Point Standings: Hunter-Reay 274, Power 234, Castroneves 220, Pagenaud 211, Andretti 192, Munoz 160, Montoya 152, Bourdais 143, Dixon 132, Wilson 123.
User avatar
meteorite
 
Posts: 1766
Joined: Sat Jan 30, 2010 7:15 pm

Re: And now - the Big One

Postby meteorite » Sun May 25, 2014 11:40 pm

After a long day I'm running out of writing time, so I'll have to hold my comments till later. However, here is how the Indy PR crew summarized the race:

Hunter-Reay prevails in second-closest finish

INDIANAPOLIS (May 25, 2014)-- Ryan Hunter-Reay was denied a shot at a final-lap victory in the 2013 Indianapolis 500 Mile Race because of a yellow flag for a single-car incident in Turn 1. Third place was his career high in "The Greatest Spectacle in Racing," but the Fort Lauderdale, Fla., resident wanted more.

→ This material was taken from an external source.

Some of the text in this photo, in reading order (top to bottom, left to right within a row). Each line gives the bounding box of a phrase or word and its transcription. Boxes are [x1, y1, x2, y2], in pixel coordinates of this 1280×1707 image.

A similar situation materialized in the 98th edition, but this time Hunter-Reay was the one drinking the milk in Victory Circle.

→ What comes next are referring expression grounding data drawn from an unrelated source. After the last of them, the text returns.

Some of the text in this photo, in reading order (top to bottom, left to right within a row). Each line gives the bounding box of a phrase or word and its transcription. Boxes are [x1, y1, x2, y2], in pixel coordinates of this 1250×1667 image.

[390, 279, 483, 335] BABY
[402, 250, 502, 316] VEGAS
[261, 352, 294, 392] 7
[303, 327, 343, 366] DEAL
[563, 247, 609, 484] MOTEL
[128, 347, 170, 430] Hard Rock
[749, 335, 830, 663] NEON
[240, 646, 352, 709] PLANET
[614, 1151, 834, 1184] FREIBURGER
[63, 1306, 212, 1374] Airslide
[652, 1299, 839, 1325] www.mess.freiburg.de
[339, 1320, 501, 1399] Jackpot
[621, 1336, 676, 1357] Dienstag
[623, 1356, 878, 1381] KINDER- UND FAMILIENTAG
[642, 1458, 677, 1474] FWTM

Hunter-Reay, driving the No. 28 DHL car for Andretti Autosport, held off three-time Indy 500 winner Helio Castroneves by a hair-raising .0600 of a second -- the second-closest margin of victory in the history of the event -- in a six-lap shootout to claim his first Indy 500 victory. Marco Andretti finished .3171 of a second back for his third third-place finish in nine starts.

"It's a dream come true," said Hunter-Reay, who is the first American winner since Sam Hornish Jr. in 2006. "This (race) is American history; this is better than a championship. I hope the fans loved it because I was on the edge of my seat."

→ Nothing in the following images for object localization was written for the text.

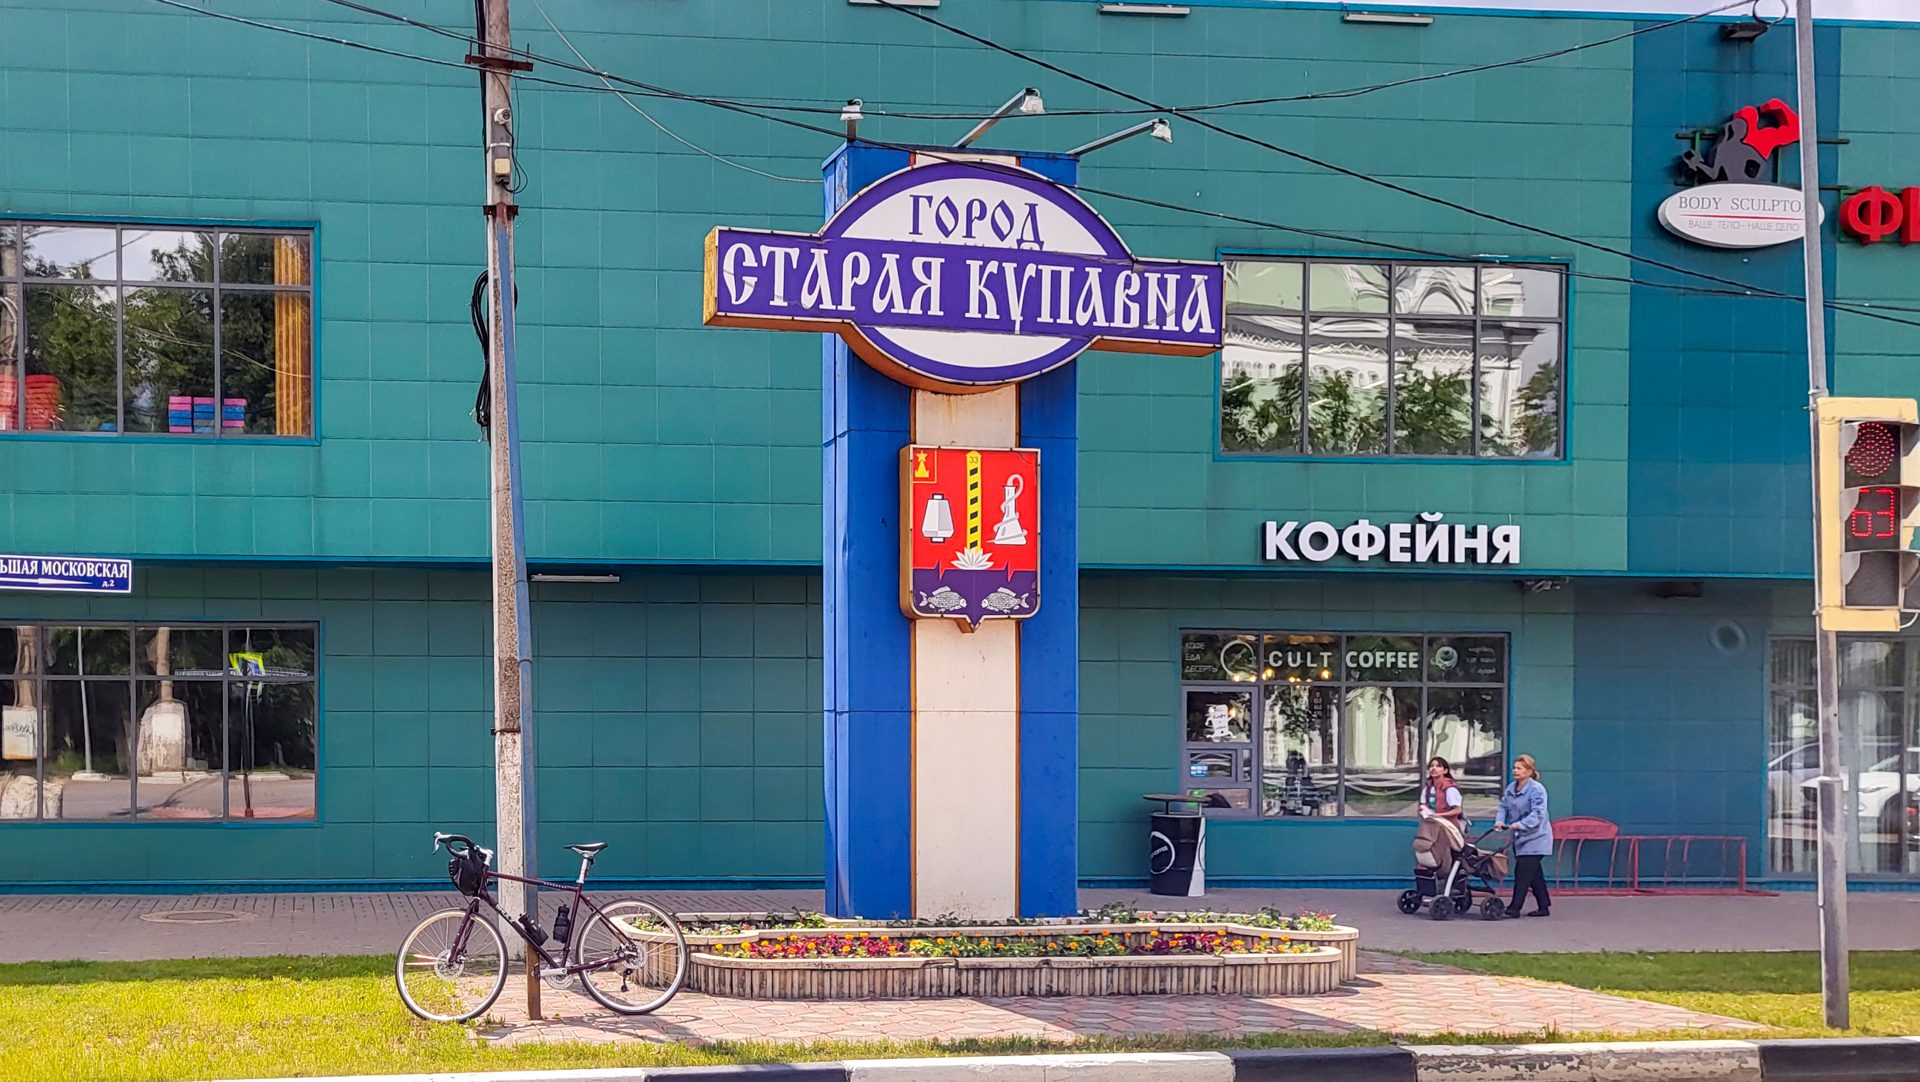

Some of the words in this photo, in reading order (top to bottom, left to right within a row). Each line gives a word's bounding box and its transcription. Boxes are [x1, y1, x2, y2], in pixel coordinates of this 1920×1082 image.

[1679, 196, 1721, 210] BODY
[1731, 198, 1803, 213] SCULPTO
[909, 194, 1045, 250] ГОРОД
[1688, 220, 1713, 230] ВАШЕ
[1747, 221, 1774, 232] НАШЕ
[1775, 223, 1800, 232] ДЕЛО
[723, 243, 945, 316] СТАРАЯ
[965, 259, 1216, 334] КУПАВНА
[969, 456, 979, 464] 33
[1264, 511, 1521, 564] КОФЕЙНЯ
[41, 560, 128, 578] МОСКОВСКАЯ
[1184, 653, 1201, 661] ЕДА
[1268, 650, 1333, 668] CULT
[1345, 651, 1419, 669] COFFEE

Hunter-Reay started 19th. There were 34 lead changes among 11 drivers.

Castroneves overtook Hunter-Reay in Turn 1 on Lap 199 of 200 entering Turn 1, but Hunter-Reay led at the finish line by .0235 of a second.

"I did everything I could do," said Castroneves, driving the No. 3 Pennzoil Ultra Platinum Team Penske car. "What a fight."

Carlos Munoz, who finished second last year as a rookie, finished fourth, and 2000 Indy 500 winner Juan Pablo Montoya was fifth. Kurt Busch, who had 600 more miles of racing left in North Carolina, placed sixth in his first Indy car race.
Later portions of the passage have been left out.